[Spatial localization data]
┄┄┄┄┄┄

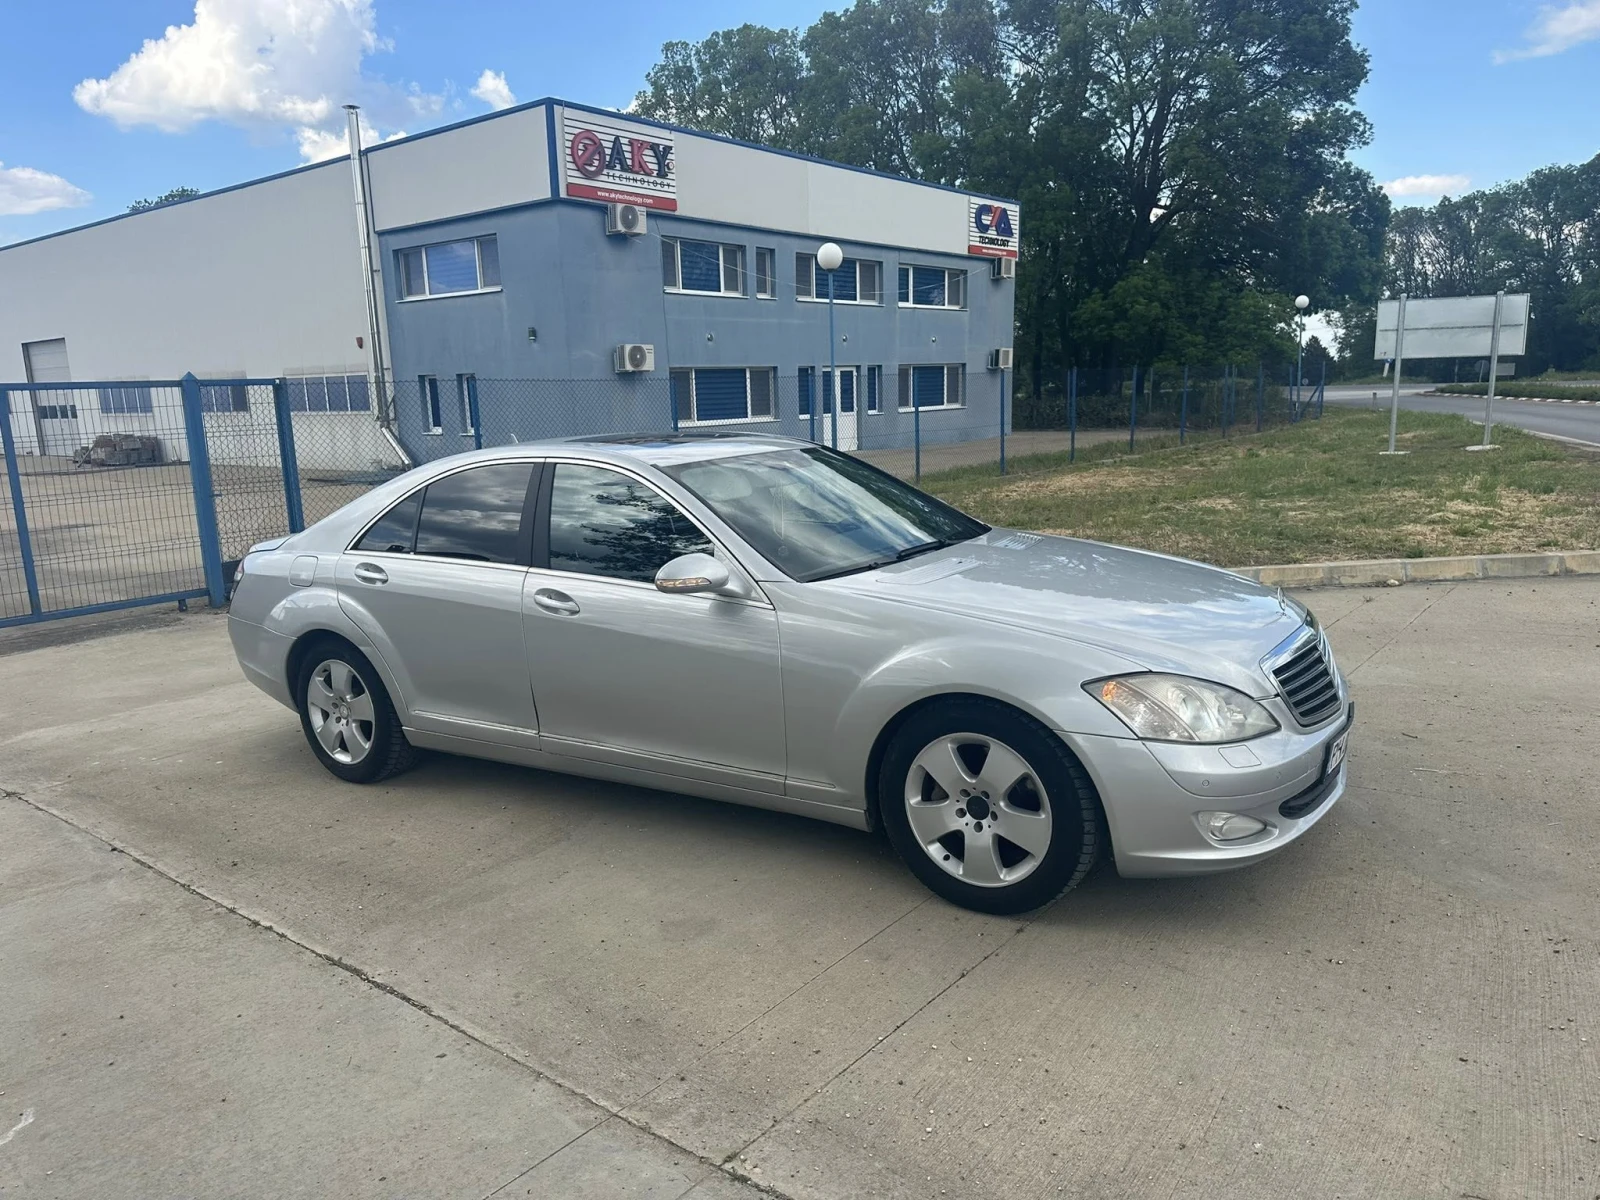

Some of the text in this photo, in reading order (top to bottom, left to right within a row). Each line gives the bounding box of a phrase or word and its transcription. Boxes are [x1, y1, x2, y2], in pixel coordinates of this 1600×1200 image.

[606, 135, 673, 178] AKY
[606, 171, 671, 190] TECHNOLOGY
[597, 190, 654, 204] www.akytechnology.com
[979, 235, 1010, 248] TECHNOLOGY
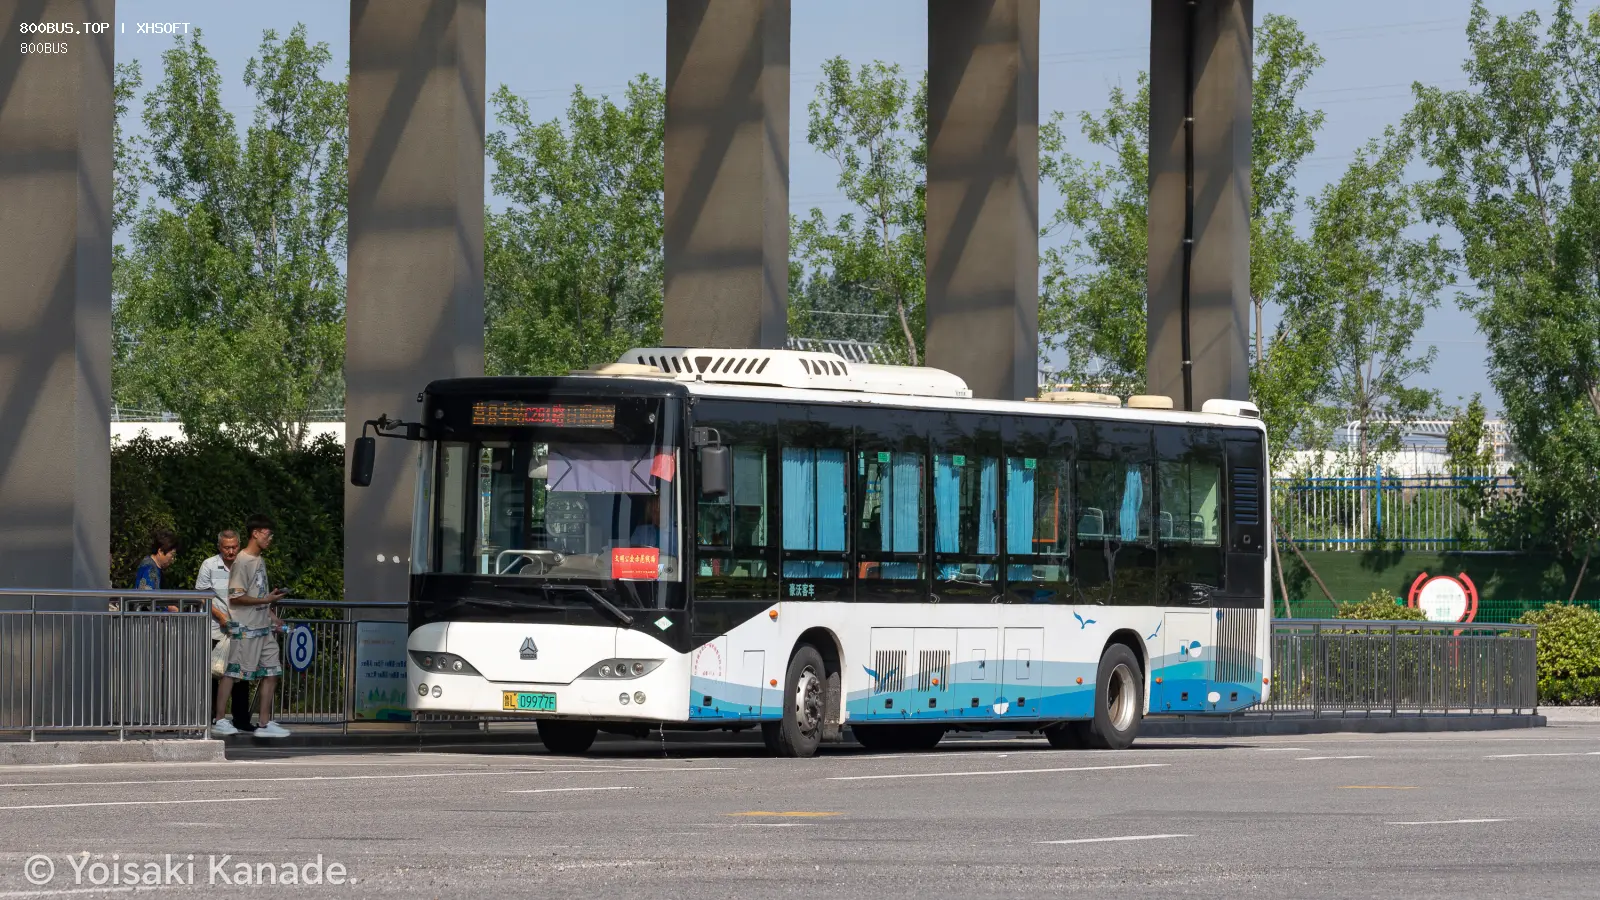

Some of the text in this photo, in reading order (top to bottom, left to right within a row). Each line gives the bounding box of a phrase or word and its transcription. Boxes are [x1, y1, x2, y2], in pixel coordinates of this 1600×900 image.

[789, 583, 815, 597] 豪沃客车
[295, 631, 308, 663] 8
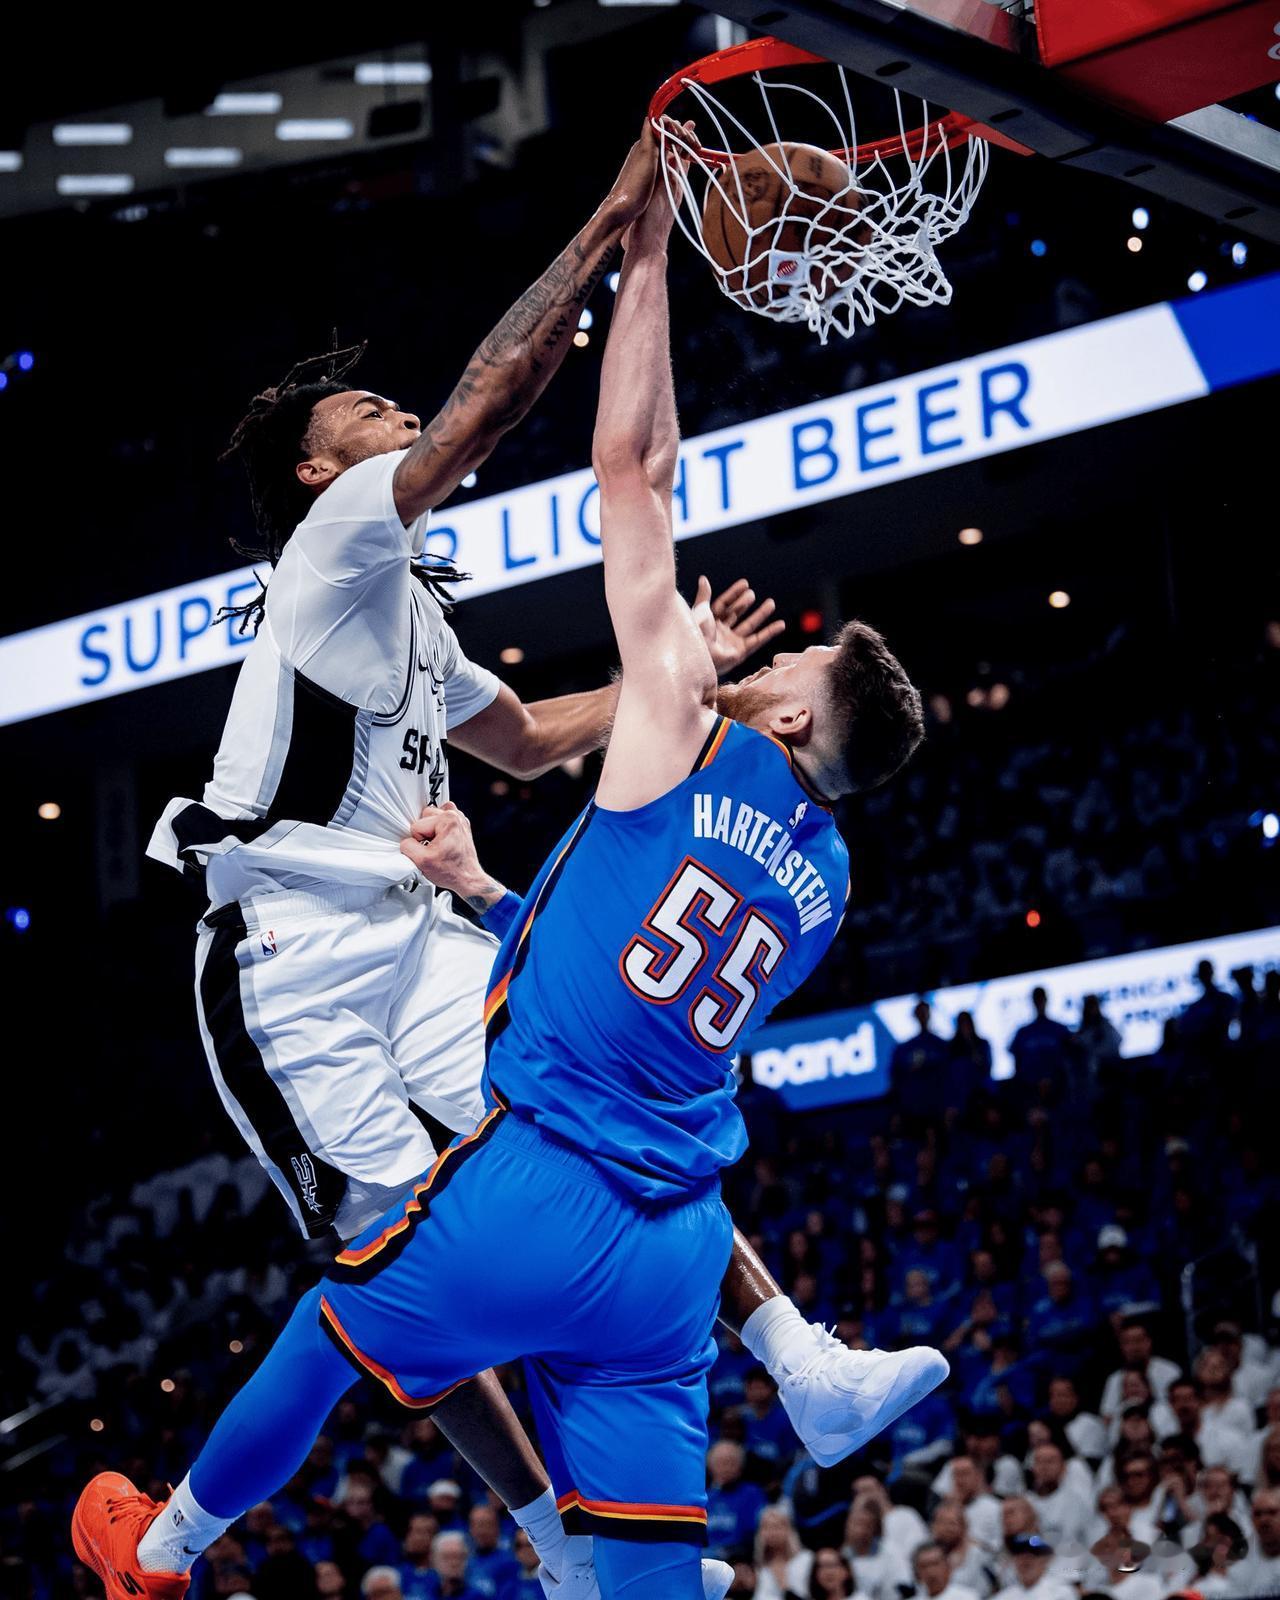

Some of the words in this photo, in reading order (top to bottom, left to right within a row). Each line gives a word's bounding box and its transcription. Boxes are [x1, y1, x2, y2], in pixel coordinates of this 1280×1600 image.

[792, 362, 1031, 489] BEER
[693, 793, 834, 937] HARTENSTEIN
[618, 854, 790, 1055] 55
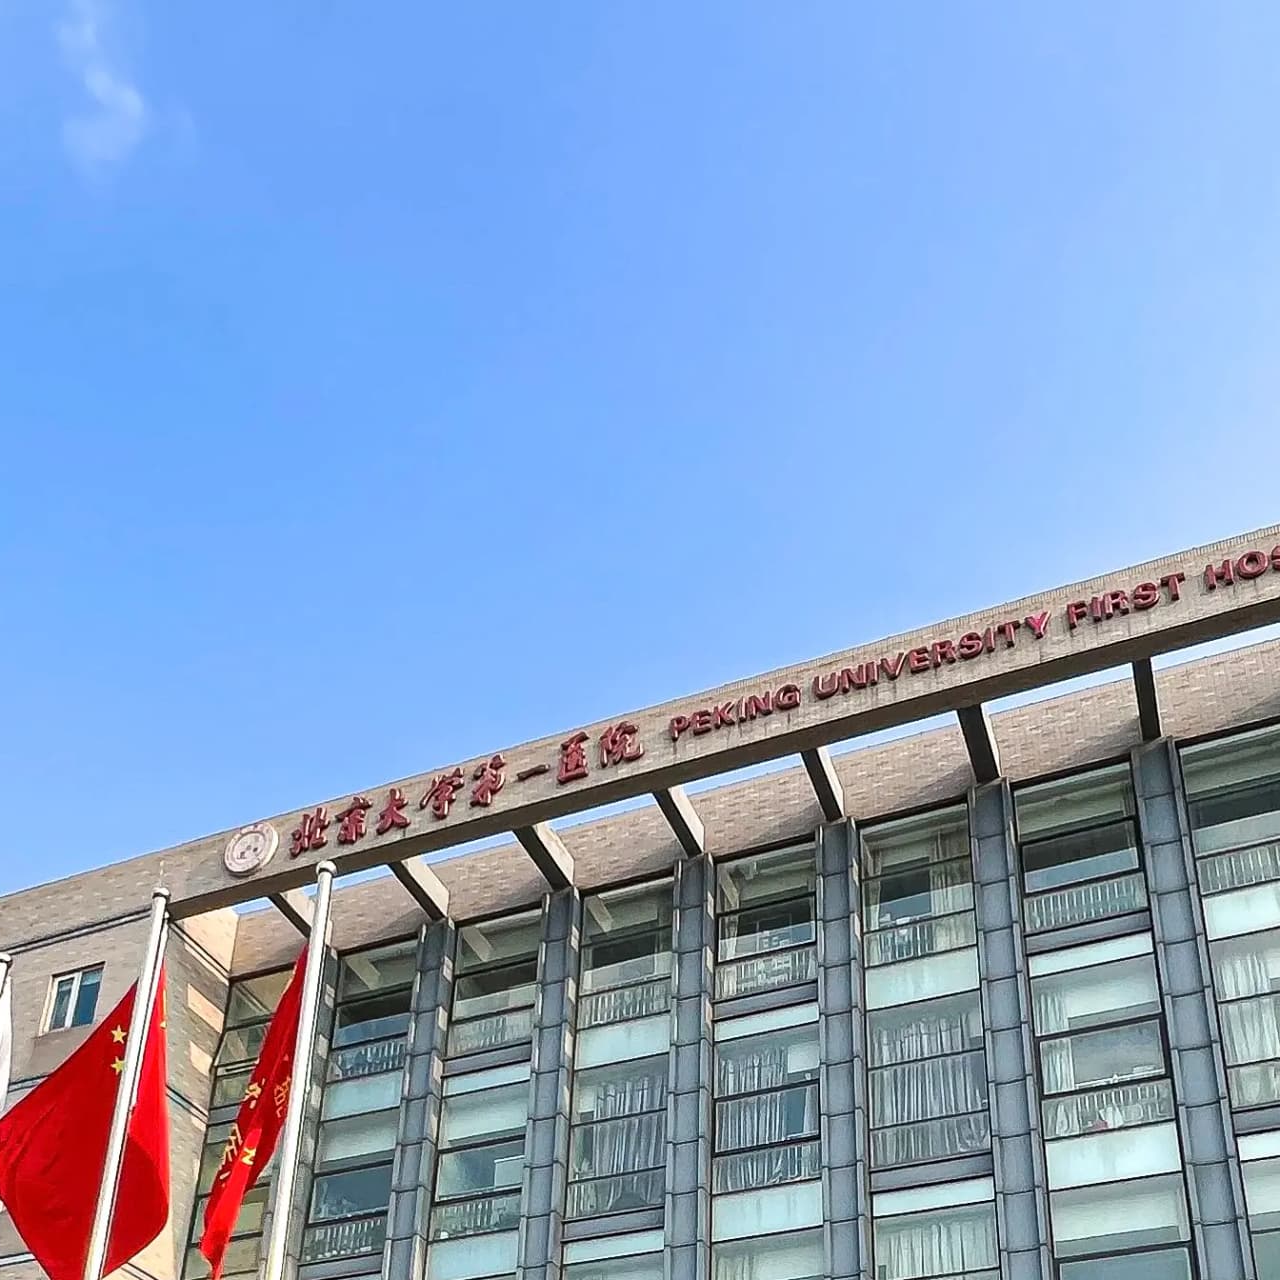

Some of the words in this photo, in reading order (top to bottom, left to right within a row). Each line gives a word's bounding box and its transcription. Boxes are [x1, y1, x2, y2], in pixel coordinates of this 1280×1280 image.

┄┄┄┄┄┄

- REQUIRED ACTION -
Restate every line above word for word. Do not carry over the images.

- TASK SOLUTION -
Some of the text in this photo, in reading order (top to bottom, left to right within a row). Each line gives the bounding box of a phrase or word and its transcription. Boxes are [x1, y1, x2, y2], in pixel coordinates of this 1600×1200 image.

[606, 135, 673, 178] AKY
[606, 171, 671, 190] TECHNOLOGY
[597, 190, 654, 204] www.akytechnology.com
[979, 235, 1010, 248] TECHNOLOGY

Some of the text in this photo, in reading order (top to bottom, left to right within a row). Each line gives the bounding box of a phrase or word and its transcription. Boxes are [x1, y1, x2, y2], in pixel coordinates of this 1600×900 image.

[789, 583, 815, 597] 豪沃客车
[295, 631, 308, 663] 8

Some of the words in this photo, in reading order (top to bottom, left to right within a row). Each line gives a word's bounding box and its transcription. Boxes are [x1, y1, x2, y2], in pixel coordinates of this 1280×1600 image.

[792, 362, 1031, 489] BEER
[693, 793, 834, 937] HARTENSTEIN
[618, 854, 790, 1055] 55

Some of the words in this photo, in reading order (top to bottom, left to right within a row). Each line gives a word's bounding box and its transcription. Boxes are [x1, y1, x2, y2], in pixel coordinates of this 1280×1280 image.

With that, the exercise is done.